Beyond Both Cutting or Thrusting
There is a self-evident urgency to training with weapons.
They contain an immediacy of threat over that found in grappling or wrestling.
Weapons have been called the great equalizers, for it is their lethality that
gives them precedent over unarmed combat. In the historical training of
warriors there is a simple truth: arms inherently require unarmed skills, but
unarmed skills do not inherently require armed training. No historical warrior could be
effective in battle or duel if he had just studied in unarmed skills alone.
Armed and unarmed skills were not separated; they were integrated within the
martial arts of Renaissance Europe.
While the basis of all fighting arts can be reduced down to
the same essential principles as found in unarmed combat (leverage, timing,
range, etc.), and the source masters even tell us all fencing is based on
wrestling, it has always been armed
combat that has historically taken precedence. Fencing is not simply "armed
wrestling." It is fencing.
Though their actions have a common basis, the techniques that
can be used in the context of a sword fight are not identical to those of
unarmed combat. This is surely why the historical source teachings make
such a distinction between close-in actions of seizing and disarming ("or
wrestling at the sword"), and grappling and ground fighting as a subset.

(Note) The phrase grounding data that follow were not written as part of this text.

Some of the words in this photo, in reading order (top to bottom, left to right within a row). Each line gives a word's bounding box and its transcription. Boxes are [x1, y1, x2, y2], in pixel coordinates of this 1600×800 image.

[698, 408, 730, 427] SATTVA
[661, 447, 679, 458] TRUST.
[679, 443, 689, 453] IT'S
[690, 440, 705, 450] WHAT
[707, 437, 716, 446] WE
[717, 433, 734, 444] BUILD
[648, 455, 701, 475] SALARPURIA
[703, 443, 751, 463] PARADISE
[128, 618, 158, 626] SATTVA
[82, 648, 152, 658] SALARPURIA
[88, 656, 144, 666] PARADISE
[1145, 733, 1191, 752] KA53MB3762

Something that cannot be overlooked here is that if a
fighter has trained in grappling and wrestling then takes up the longsword,
this does not mean at all that they will be able to suddenly apply their
unarmed training to effectively wield the weapon against a skilled swordsman.

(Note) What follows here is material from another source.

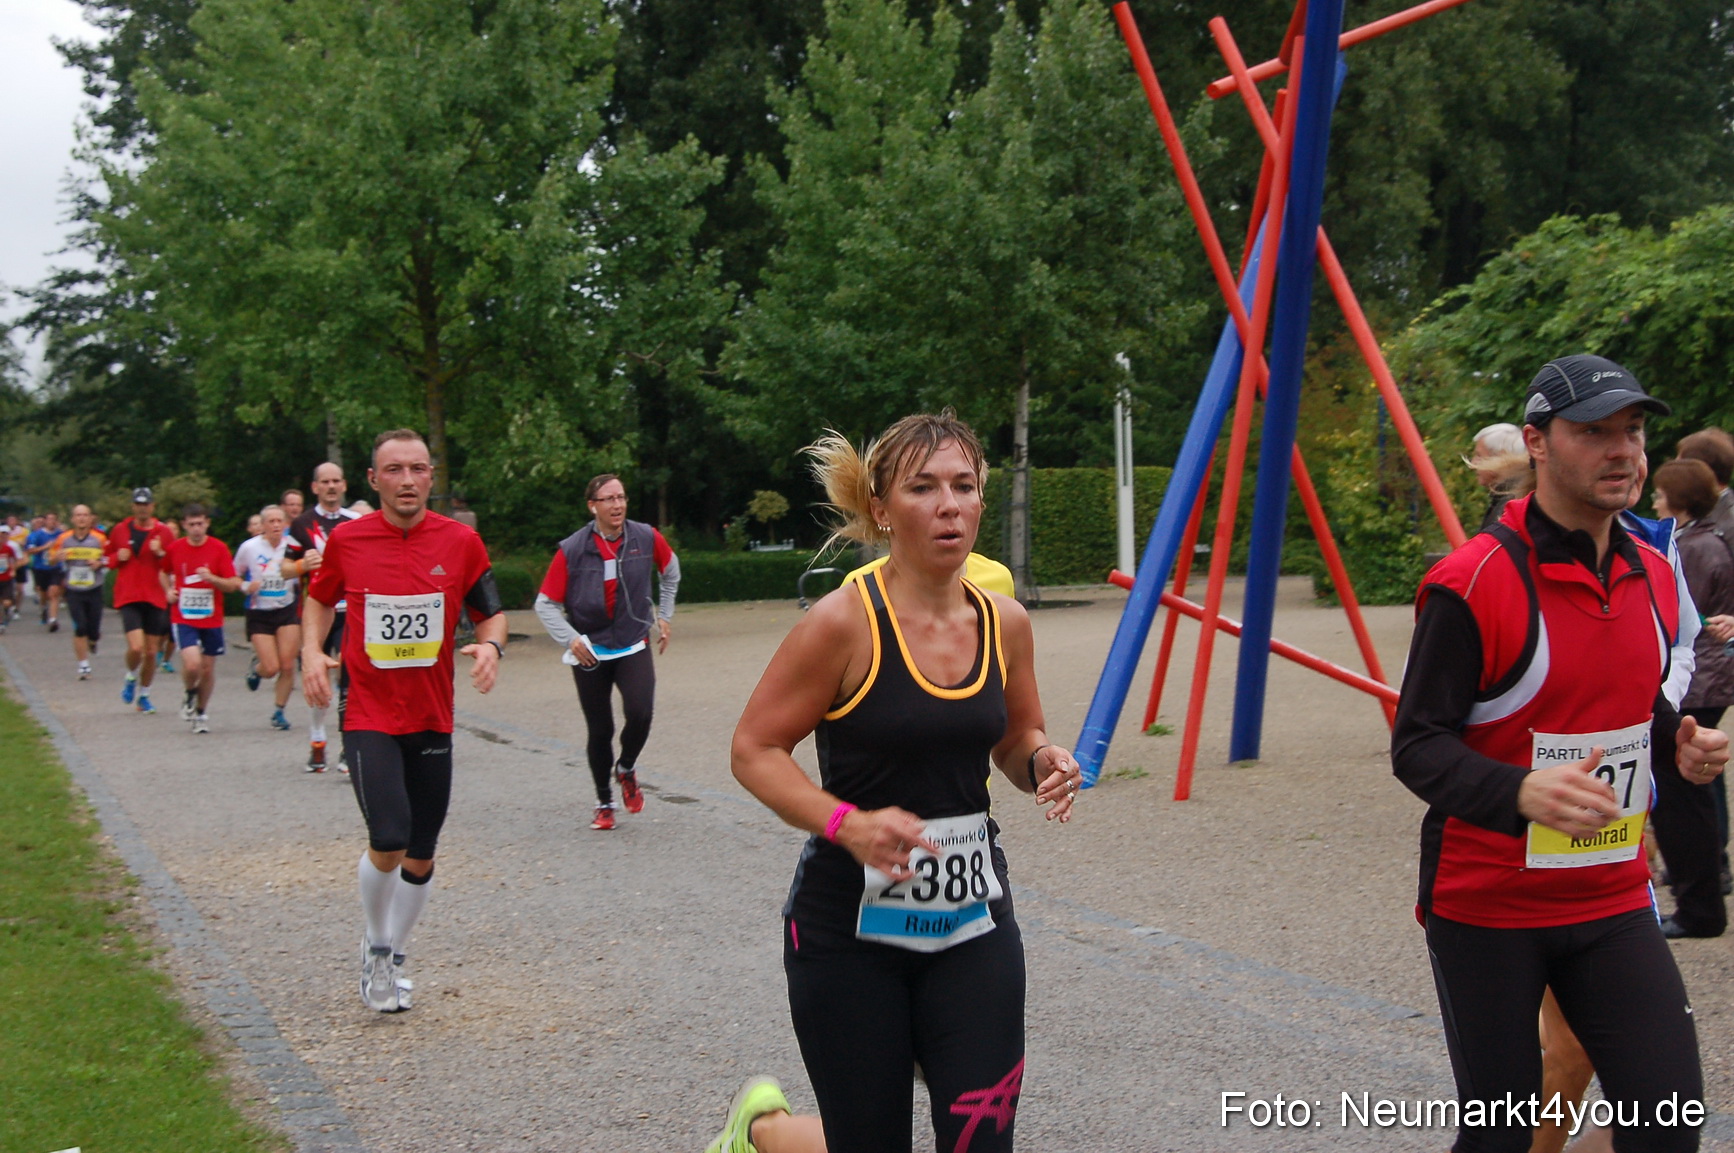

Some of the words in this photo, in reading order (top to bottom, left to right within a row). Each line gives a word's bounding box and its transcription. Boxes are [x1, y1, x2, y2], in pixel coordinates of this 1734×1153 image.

[381, 612, 429, 640] 323
[394, 647, 416, 657] Veit
[1536, 747, 1585, 760] PARTL

You have to learn how to integrate the tool into what is possible in a fight.
Weapons take precedent. I have
seen this repeatedly over the years.
Many senior members in the ARMA can attest to the difficulty they had
when they started out trying to use even the most basic of their unarmed skills
against a well-trained swordsman.
In
my own experience, because I never trained in any
wrestling or grappling, don't feel tactically comfortable there and
don't
consciously go to those techniques, I came (as a natural result) to
specialize more in my practice upon these earlier actions
occurring just before that range
(the disarms and trapping). But,
curiously, I acquired my unarmed close-in skills specifically through
training in the longsword. The longsword
taught me tremendously about feeling leverage and sensing pressure during any
portion or range of the fight, not just when blades are crossed. I learned to
apply my second hand and my whole body as needed even as I remained focused on
wielding my weapon. I didn't gain
any of this crucial aspect through any experience in rapier, sword &
dagger, or staff weapons.
I
have no doubts that learning unarmed skills did not give me
corresponding knowledge of fighting with a weapon. In other words,
while I had previously learned how to kick and punch, and so was
comfortable fighting at close ranges, it was however through studying
the longsword that I was able to incorporate such actions when wielding
a weapon. [It must be further noted, that, at such close ranges, modern
fencing styles not only fail to instruct in basic defense against body
contact and free-hand actions, but under those conditions also coaches
to habitually perform suicidal techniques.]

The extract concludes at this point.